A Aldeia Kaxixó é composta por quatro localidades: Capão do Zezinho e Criciúma, na margem esquerda do rio Pará, município de Martinho Campos; Fundinho e Pindaíba, na margem direita do mesmo rio, município de Pompéu, no centro-oeste de Minas Gerais, no baixo rio Pará, um dos grandes afluentes do rio Francisco, que irriga 15 municípios antes de desaguar suas águas no rio São Francisco. Os Kaxixó estão atualmente encurralados em aproximadamente 20 hectares de seu território, sendo que, segundo os estudos técnicos, o Povo Kaxixó tem direito a 5.411 hectares de território. “Tem direito a um território maior, mas o território de 5.411 hectares foi o que a FUNAI (Fundação Nacional do Índio) aceitou com base nos muitos estudos feitos”, alerta Marilda Magalhães.
Segundo as diversas pesquisas realizadas pela equipe do CEDEFES, composta por antropólogas, indigenistas, sociólogos, historiadoras, arqueólogas e engenheiras agrônomas, em 1602, uma das expedições das Entradas e Bandeiras deportou 2 mil índios do centro-oeste mineiro para o litoral do Rio de Janeiro. Mesmo massacrado e vilipendiado, o povo Kaxixó resiste há séculos, no centro-oeste de Minas Gerais. “… os fazendeiros proibiam a gente de dizer que éramos índios Kaxixó. Roubaram nossa terra, nossa língua e nossa religião” – denunciava o cacique Djalma, Kaxixó de uma extraordinária sabedoria. Quinze sítios arqueológicos foram encontrados no seu território ainda em poder de empresas e latifundiários. Os primeiros conflitos de terra com latifundiários teriam ocorrido já no século XVIII com o povoamento e abertura de grandes fazendas na região de Pitangui. O primeiro grande perseguidor dos indígenas nesta época teria sido o potentado capitão Inácio de Oliveira Campos. Nesta ocasião, muitos indígenas teriam sido expulsos, outros assassinados, e os que ficaram foram obrigados a trabalhar nas fazendas, em situação análoga à de escravidão, diríamos em linguagem de hoje. Segundo o saudoso Cacique Djalma Kaxixó: “tentaram esbagaçar os Kaxixó…” (relato de 1999).

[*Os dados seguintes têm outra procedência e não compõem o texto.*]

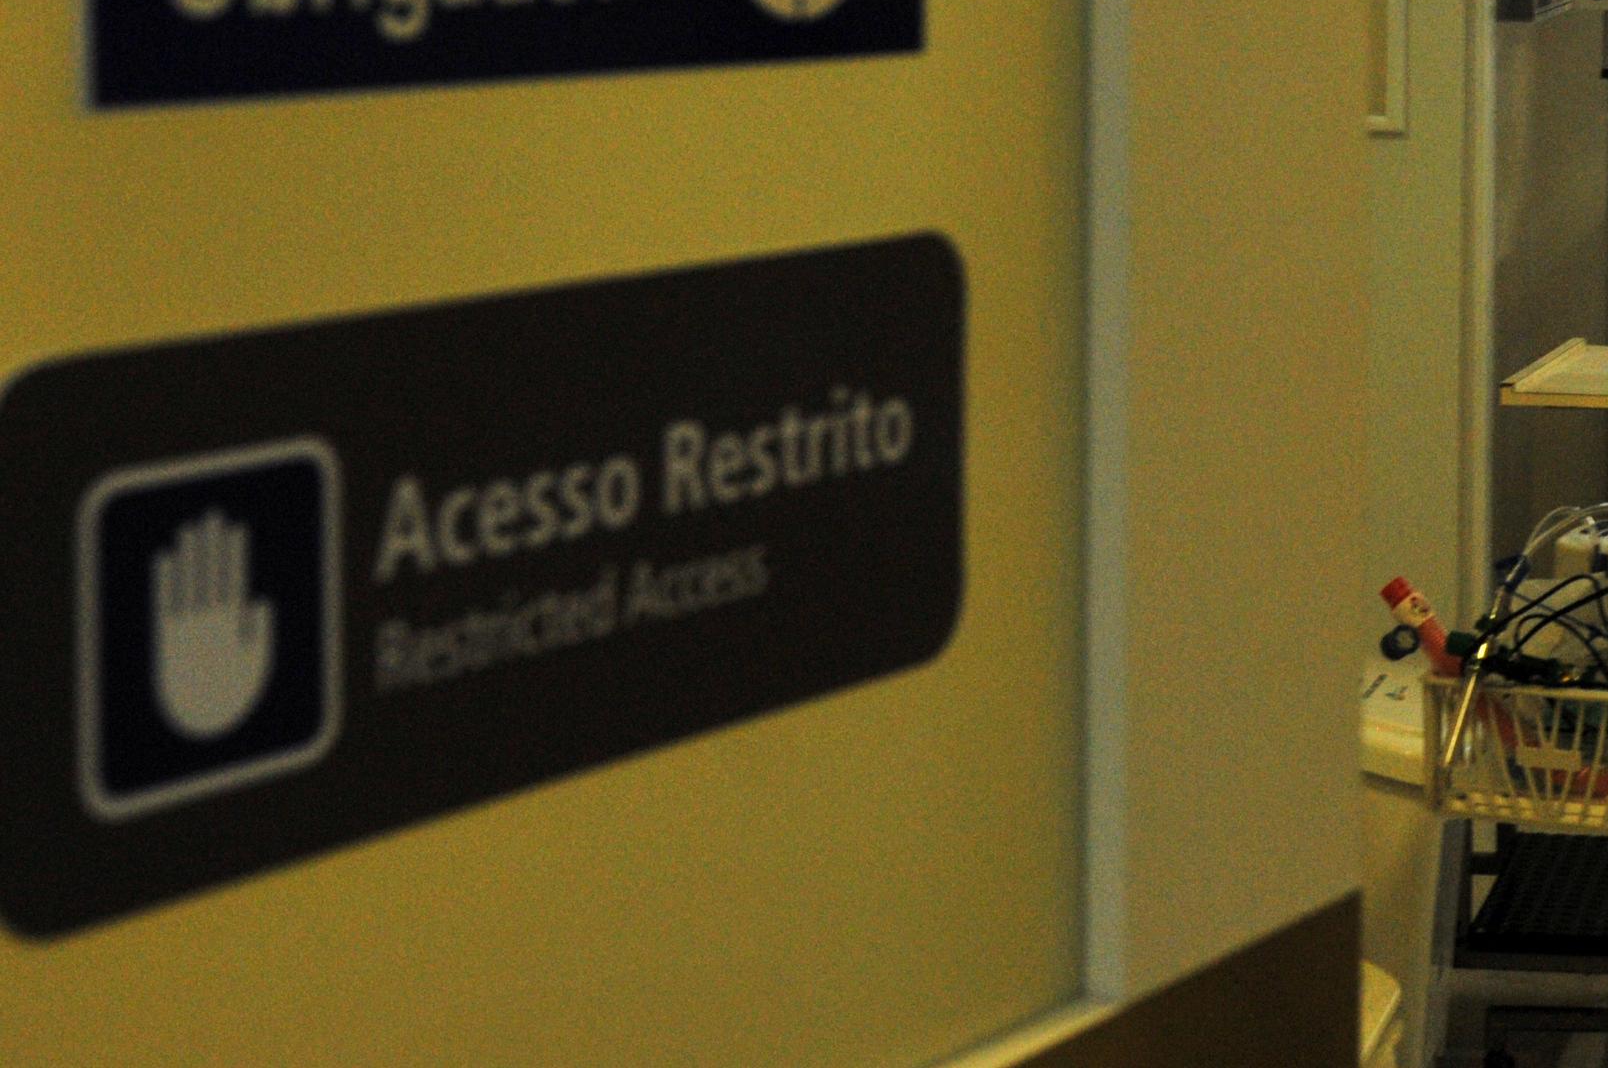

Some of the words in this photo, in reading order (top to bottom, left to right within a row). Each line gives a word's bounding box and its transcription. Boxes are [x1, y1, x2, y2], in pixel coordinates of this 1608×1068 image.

As perseguições incessantes aos Kaxixó foram tamanhas, que, inclusive, foram terminantemente proibidos pelos fazendeiros de dizer que seriam indígenas, sendo que na década de 1970, resistiam apenas duas famílias Kaxixó em sua atual área, mas hoje somam 29 famílias com cerca de cem indígenas. Somente em 1986, com ameaças de dissolução completa de sua base e referência territorial, é que os Kaxixó solicitaram apoio ao Sindicato dos Trabalhadores Rurais (STR) de Pompéu e à Comissão Pastoral da Terra (CPT), e quando questionados sobre a sua relação com a terra se apresentaram como indígenas Kaxixó, revelando a sua memória sufocada e a sua identidade. Foi por meio de estratégias de silêncio e de sua invisibilidade junto à sociedade nacional e aos poderosos da região que conseguiram resistir a um processo contínuo de perseguições e proibições. Nessa época, o CEDEFES iniciou os primeiros estudos técnicos sobre esta comunidade indígena, visando apoiar a sua organização, luta por afirmação de sua identidade e conquista de seus direitos.
Todavia, a demarcação do território Kaxixó continua bloqueada por demanda judicial na Justiça Federal, por questionamentos infundados por parte das prefeituras de Martinho Campos e Pompéu, pelo Governo de Minas Gerais e pela Associação dos Latifundiários da região. Essa aliança, na prática, de duas municipalidades e do Governo de Minas com latifundiários e grandes empresas contra o Povo Indígena Kaxixó demonstra que, de fato, o Estado Brasileiro é cúmplice do sistema do capital e não atua para gerir o bem comum, mas se verga diante dos mega-interesses econômicos de grandes empresas que continuam se apoderando do território do Povo Kaxixó. No Governo de Minas, o PSDB impugnou a demarcação do território Kaxixó e o PT (Governo de Fernando Pimentel) mantém há três anos e meio a posição do PSDB contra o Povo Indígena Kaxixó. Até quando os prefeitos de Martinho Campos e Pompéu e o Governo de Minas Gerais vão continuar do lado dos latifundiários e contra a demarcação do território do Povo Indígena Kaxixó?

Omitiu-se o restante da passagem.